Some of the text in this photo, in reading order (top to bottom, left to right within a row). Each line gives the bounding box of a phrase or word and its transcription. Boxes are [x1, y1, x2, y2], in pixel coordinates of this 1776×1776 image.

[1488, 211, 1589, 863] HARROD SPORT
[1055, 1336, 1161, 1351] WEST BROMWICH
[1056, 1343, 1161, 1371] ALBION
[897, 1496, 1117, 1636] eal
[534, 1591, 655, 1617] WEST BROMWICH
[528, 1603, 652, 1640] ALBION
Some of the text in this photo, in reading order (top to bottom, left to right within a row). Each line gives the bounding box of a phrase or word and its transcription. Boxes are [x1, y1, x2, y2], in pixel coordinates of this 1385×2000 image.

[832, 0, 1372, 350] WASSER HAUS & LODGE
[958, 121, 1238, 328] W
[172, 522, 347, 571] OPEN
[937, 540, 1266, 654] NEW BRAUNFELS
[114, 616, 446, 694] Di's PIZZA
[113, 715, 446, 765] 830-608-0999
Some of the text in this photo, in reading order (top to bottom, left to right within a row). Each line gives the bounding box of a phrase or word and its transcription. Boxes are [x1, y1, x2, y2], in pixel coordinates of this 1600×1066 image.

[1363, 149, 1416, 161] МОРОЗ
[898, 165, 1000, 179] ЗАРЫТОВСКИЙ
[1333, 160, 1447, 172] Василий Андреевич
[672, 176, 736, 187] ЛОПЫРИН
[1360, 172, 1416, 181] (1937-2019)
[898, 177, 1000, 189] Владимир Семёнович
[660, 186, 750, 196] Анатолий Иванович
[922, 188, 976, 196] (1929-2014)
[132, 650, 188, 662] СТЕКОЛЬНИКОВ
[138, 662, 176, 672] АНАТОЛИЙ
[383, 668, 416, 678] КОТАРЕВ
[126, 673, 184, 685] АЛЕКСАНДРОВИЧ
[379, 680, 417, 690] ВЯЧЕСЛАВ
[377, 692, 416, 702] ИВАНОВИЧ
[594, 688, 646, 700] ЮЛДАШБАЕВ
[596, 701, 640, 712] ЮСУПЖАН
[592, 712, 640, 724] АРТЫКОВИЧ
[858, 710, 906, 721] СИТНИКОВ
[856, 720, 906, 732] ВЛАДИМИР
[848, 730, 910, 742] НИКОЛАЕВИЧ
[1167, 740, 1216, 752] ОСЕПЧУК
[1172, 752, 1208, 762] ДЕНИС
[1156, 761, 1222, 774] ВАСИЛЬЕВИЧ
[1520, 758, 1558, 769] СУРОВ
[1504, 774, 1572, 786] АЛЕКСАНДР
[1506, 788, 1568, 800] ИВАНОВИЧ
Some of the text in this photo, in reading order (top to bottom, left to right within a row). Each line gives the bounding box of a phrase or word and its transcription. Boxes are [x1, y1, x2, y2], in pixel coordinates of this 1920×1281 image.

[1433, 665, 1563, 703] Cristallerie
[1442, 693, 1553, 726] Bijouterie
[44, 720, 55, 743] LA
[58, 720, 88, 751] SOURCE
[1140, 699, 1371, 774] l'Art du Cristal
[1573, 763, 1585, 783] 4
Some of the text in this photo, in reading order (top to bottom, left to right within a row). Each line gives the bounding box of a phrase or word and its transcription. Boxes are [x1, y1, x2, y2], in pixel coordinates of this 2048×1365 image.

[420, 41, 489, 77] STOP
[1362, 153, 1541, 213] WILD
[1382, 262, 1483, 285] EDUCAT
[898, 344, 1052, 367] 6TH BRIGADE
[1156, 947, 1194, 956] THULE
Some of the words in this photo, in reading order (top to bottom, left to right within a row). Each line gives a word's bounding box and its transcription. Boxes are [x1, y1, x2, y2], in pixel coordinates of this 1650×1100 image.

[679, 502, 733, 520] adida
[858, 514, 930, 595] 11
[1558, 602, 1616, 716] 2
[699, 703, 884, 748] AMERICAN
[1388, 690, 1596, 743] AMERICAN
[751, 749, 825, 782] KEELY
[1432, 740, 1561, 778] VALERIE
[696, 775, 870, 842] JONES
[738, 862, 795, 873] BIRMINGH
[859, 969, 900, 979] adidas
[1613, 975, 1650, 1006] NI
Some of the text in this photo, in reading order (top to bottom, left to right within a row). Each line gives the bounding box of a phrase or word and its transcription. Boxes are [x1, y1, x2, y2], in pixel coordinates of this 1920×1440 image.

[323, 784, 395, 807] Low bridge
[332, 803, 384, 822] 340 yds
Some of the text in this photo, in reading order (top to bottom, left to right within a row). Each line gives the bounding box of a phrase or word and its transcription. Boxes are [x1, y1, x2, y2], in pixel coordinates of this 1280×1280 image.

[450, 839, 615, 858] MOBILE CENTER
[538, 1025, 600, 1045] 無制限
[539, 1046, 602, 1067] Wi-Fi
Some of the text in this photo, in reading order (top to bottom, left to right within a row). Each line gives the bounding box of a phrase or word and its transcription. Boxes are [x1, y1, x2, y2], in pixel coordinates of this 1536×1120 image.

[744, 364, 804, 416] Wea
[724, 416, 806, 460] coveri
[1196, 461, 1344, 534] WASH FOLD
════
Work instructions: From the first line to the last, return the material exactly.

Written solution:
Some of the text in this photo, in reading order (top to bottom, left to right within a row). Each line gives the bounding box of a phrase or word and its transcription. Boxes are [x1, y1, x2, y2], in pixel coordinates of this 1776×1776 image.

[1488, 211, 1589, 863] HARROD SPORT
[1055, 1336, 1161, 1351] WEST BROMWICH
[1056, 1343, 1161, 1371] ALBION
[897, 1496, 1117, 1636] eal
[534, 1591, 655, 1617] WEST BROMWICH
[528, 1603, 652, 1640] ALBION
Some of the text in this photo, in reading order (top to bottom, left to right within a row). Each line gives the bounding box of a phrase or word and its transcription. Boxes are [x1, y1, x2, y2], in pixel coordinates of this 1385×2000 image.

[832, 0, 1372, 350] WASSER HAUS & LODGE
[958, 121, 1238, 328] W
[172, 522, 347, 571] OPEN
[937, 540, 1266, 654] NEW BRAUNFELS
[114, 616, 446, 694] Di's PIZZA
[113, 715, 446, 765] 830-608-0999
Some of the text in this photo, in reading order (top to bottom, left to right within a row). Each line gives the bounding box of a phrase or word and its transcription. Boxes are [x1, y1, x2, y2], in pixel coordinates of this 1600×1066 image.

[1363, 149, 1416, 161] МОРОЗ
[898, 165, 1000, 179] ЗАРЫТОВСКИЙ
[1333, 160, 1447, 172] Василий Андреевич
[672, 176, 736, 187] ЛОПЫРИН
[1360, 172, 1416, 181] (1937-2019)
[898, 177, 1000, 189] Владимир Семёнович
[660, 186, 750, 196] Анатолий Иванович
[922, 188, 976, 196] (1929-2014)
[132, 650, 188, 662] СТЕКОЛЬНИКОВ
[138, 662, 176, 672] АНАТОЛИЙ
[383, 668, 416, 678] КОТАРЕВ
[126, 673, 184, 685] АЛЕКСАНДРОВИЧ
[379, 680, 417, 690] ВЯЧЕСЛАВ
[377, 692, 416, 702] ИВАНОВИЧ
[594, 688, 646, 700] ЮЛДАШБАЕВ
[596, 701, 640, 712] ЮСУПЖАН
[592, 712, 640, 724] АРТЫКОВИЧ
[858, 710, 906, 721] СИТНИКОВ
[856, 720, 906, 732] ВЛАДИМИР
[848, 730, 910, 742] НИКОЛАЕВИЧ
[1167, 740, 1216, 752] ОСЕПЧУК
[1172, 752, 1208, 762] ДЕНИС
[1156, 761, 1222, 774] ВАСИЛЬЕВИЧ
[1520, 758, 1558, 769] СУРОВ
[1504, 774, 1572, 786] АЛЕКСАНДР
[1506, 788, 1568, 800] ИВАНОВИЧ
Some of the text in this photo, in reading order (top to bottom, left to right within a row). Each line gives the bounding box of a phrase or word and its transcription. Boxes are [x1, y1, x2, y2], in pixel coordinates of this 1920×1281 image.

[1433, 665, 1563, 703] Cristallerie
[1442, 693, 1553, 726] Bijouterie
[44, 720, 55, 743] LA
[58, 720, 88, 751] SOURCE
[1140, 699, 1371, 774] l'Art du Cristal
[1573, 763, 1585, 783] 4
Some of the text in this photo, in reading order (top to bottom, left to right within a row). Each line gives the bounding box of a phrase or word and its transcription. Boxes are [x1, y1, x2, y2], in pixel coordinates of this 2048×1365 image.

[420, 41, 489, 77] STOP
[1362, 153, 1541, 213] WILD
[1382, 262, 1483, 285] EDUCAT
[898, 344, 1052, 367] 6TH BRIGADE
[1156, 947, 1194, 956] THULE
Some of the words in this photo, in reading order (top to bottom, left to right within a row). Each line gives a word's bounding box and its transcription. Boxes are [x1, y1, x2, y2], in pixel coordinates of this 1650×1100 image.

[679, 502, 733, 520] adida
[858, 514, 930, 595] 11
[1558, 602, 1616, 716] 2
[699, 703, 884, 748] AMERICAN
[1388, 690, 1596, 743] AMERICAN
[751, 749, 825, 782] KEELY
[1432, 740, 1561, 778] VALERIE
[696, 775, 870, 842] JONES
[738, 862, 795, 873] BIRMINGH
[859, 969, 900, 979] adidas
[1613, 975, 1650, 1006] NI
Some of the text in this photo, in reading order (top to bottom, left to right within a row). Each line gives the bounding box of a phrase or word and its transcription. Boxes are [x1, y1, x2, y2], in pixel coordinates of this 1920×1440 image.

[323, 784, 395, 807] Low bridge
[332, 803, 384, 822] 340 yds
Some of the text in this photo, in reading order (top to bottom, left to right within a row). Each line gives the bounding box of a phrase or word and its transcription. Boxes are [x1, y1, x2, y2], in pixel coordinates of this 1280×1280 image.

[450, 839, 615, 858] MOBILE CENTER
[538, 1025, 600, 1045] 無制限
[539, 1046, 602, 1067] Wi-Fi
Some of the text in this photo, in reading order (top to bottom, left to right within a row). Each line gives the bounding box of a phrase or word and its transcription. Boxes are [x1, y1, x2, y2], in pixel coordinates of this 1536×1120 image.

[744, 364, 804, 416] Wea
[724, 416, 806, 460] coveri
[1196, 461, 1344, 534] WASH FOLD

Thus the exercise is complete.